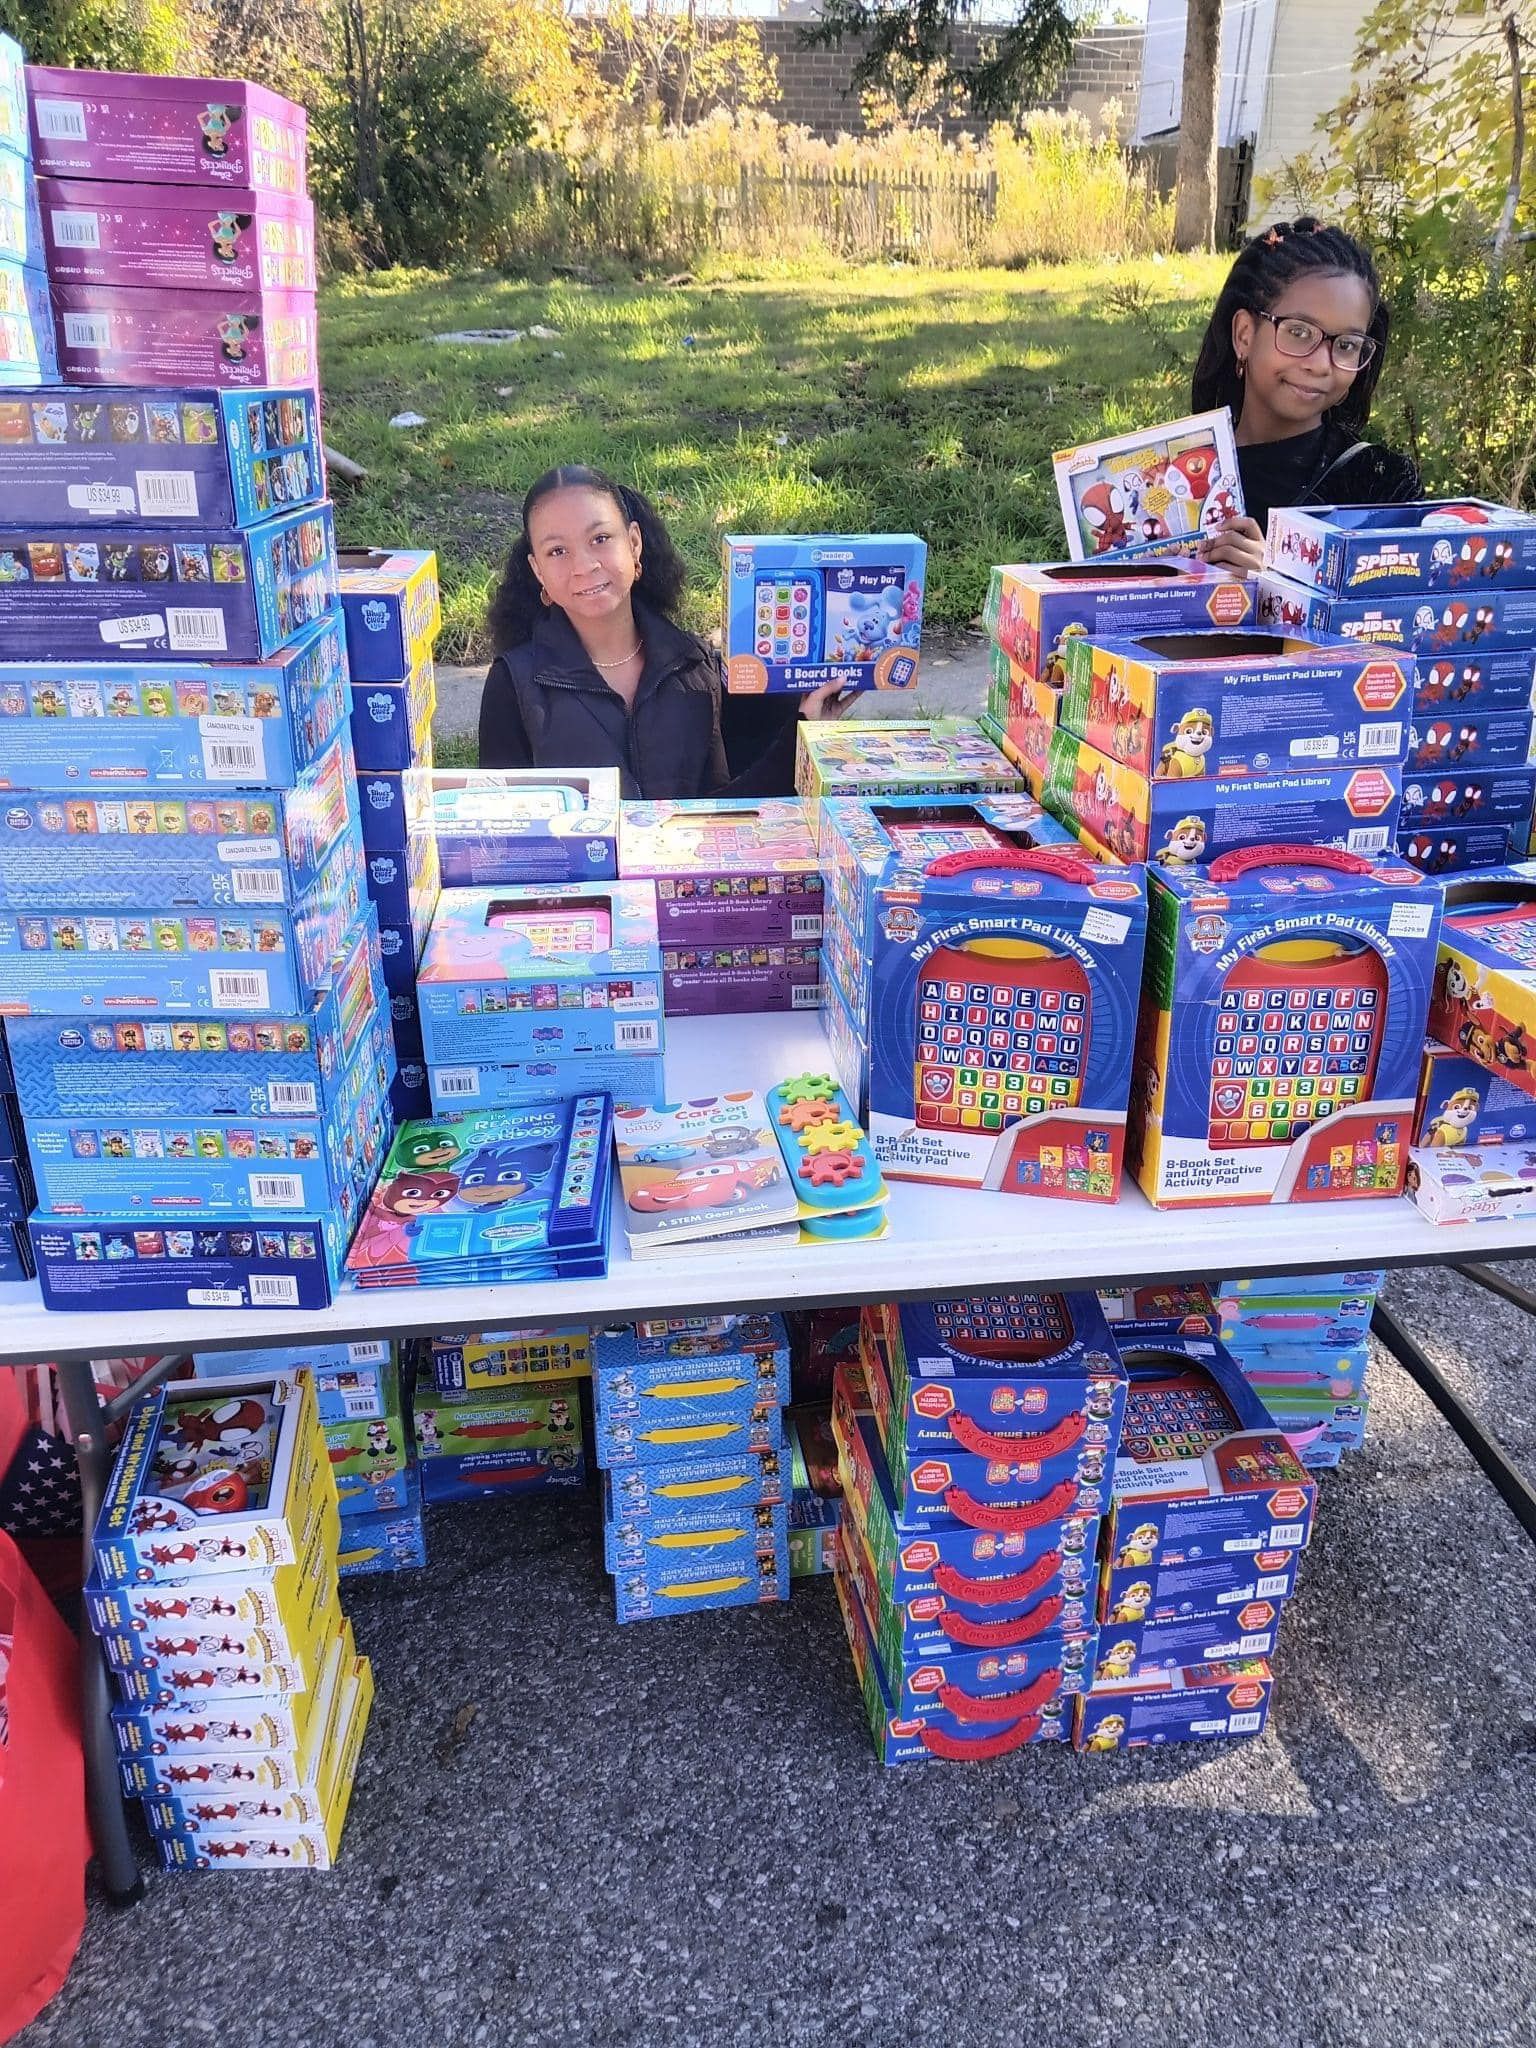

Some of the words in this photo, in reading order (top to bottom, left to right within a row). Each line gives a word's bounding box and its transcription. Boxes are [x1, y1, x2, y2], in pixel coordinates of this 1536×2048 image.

[87, 488, 96, 502] US
[1355, 553, 1419, 573] SPIDEY
[860, 575, 878, 586] Play
[881, 575, 897, 588] Day
[1097, 595, 1108, 604] My
[1109, 594, 1126, 602] First
[1128, 593, 1151, 601] Smart
[1169, 590, 1196, 600] Library
[118, 620, 128, 634] US
[1341, 619, 1402, 636] SPIDEY
[785, 668, 791, 678] 8
[795, 668, 828, 678] Board
[831, 666, 862, 677] Books
[1224, 675, 1237, 685] My
[1240, 674, 1260, 683] First
[1263, 672, 1290, 682] Smart
[1293, 671, 1310, 680] Pad
[1311, 668, 1342, 680] Library
[1342, 748, 1354, 758] CE
[910, 942, 933, 962] My
[931, 922, 966, 942] First
[968, 918, 1018, 931] Smart
[1021, 918, 1053, 934] Pad
[1052, 927, 1099, 970] Library
[1216, 950, 1239, 971] My
[1238, 926, 1272, 949] First
[1275, 914, 1323, 931] Smart
[1326, 913, 1353, 928] Pad
[1355, 920, 1398, 959] Library
[1224, 994, 1235, 1007] A
[1248, 994, 1259, 1006] B
[1271, 994, 1282, 1006] C
[1294, 993, 1305, 1005] D
[1318, 993, 1327, 1005] E
[1341, 992, 1350, 1005] F
[1362, 991, 1373, 1004] G
[1222, 1017, 1233, 1029] H
[1246, 1017, 1255, 1029] I
[1270, 1016, 1277, 1029] J
[1291, 1016, 1302, 1028] K
[1315, 1016, 1323, 1028] L
[1334, 1015, 1350, 1028] M
[1358, 1014, 1370, 1027] N
[1220, 1040, 1230, 1051] O
[1242, 1039, 1253, 1051] P
[1264, 1038, 1276, 1052] Q
[1288, 1038, 1299, 1050] R
[1311, 1038, 1322, 1050] S
[1334, 1036, 1344, 1050] T
[1355, 1036, 1366, 1050] U
[1218, 1062, 1228, 1074] V
[1238, 1062, 1253, 1074] W
[1262, 1061, 1273, 1073] X
[1286, 1061, 1296, 1073] Y
[1308, 1060, 1318, 1072] Z
[1328, 1059, 1365, 1072] ABCs
[674, 1108, 720, 1120] Cars
[726, 1105, 746, 1114] on
[680, 1118, 707, 1129] the
[710, 1110, 750, 1124] Go!
[474, 1112, 556, 1130] READING
[467, 1124, 561, 1145] Catboy
[922, 1137, 943, 1147] Set
[900, 1145, 971, 1159] Interactive
[925, 1156, 948, 1166] Pad
[1166, 1158, 1211, 1169] 8-Book
[1214, 1157, 1235, 1167] Set
[1166, 1169, 1190, 1178] and
[1193, 1165, 1262, 1177] Interactive
[1164, 1177, 1213, 1188] Activity
[1216, 1175, 1240, 1185] Pad
[658, 1220, 668, 1228] A
[671, 1215, 702, 1226] STEM
[705, 1210, 734, 1220] Gear
[738, 1204, 770, 1214] Book
[718, 1230, 746, 1240] Gear
[749, 1227, 782, 1237] Book
[202, 1292, 210, 1302] US
[938, 1342, 977, 1365] Library
[1068, 1341, 1084, 1357] My
[979, 1360, 1004, 1369] Pad
[1006, 1360, 1045, 1369] Smart
[1045, 1350, 1069, 1366] First
[134, 1406, 158, 1429] Book
[132, 1433, 148, 1450] and
[115, 1453, 141, 1503] Wristband
[1114, 1468, 1143, 1477] -Book
[1132, 1470, 1189, 1481] Interactive
[1115, 1481, 1151, 1490] Activity
[1154, 1478, 1175, 1486] Pad
[108, 1506, 125, 1527] Set

About this exercise: Where does "Smart" appear in the records above? Copy every line that has it.

Result of the exercise:
[1128, 593, 1151, 601] Smart
[1263, 672, 1290, 682] Smart
[968, 918, 1018, 931] Smart
[1275, 914, 1323, 931] Smart
[1006, 1360, 1045, 1369] Smart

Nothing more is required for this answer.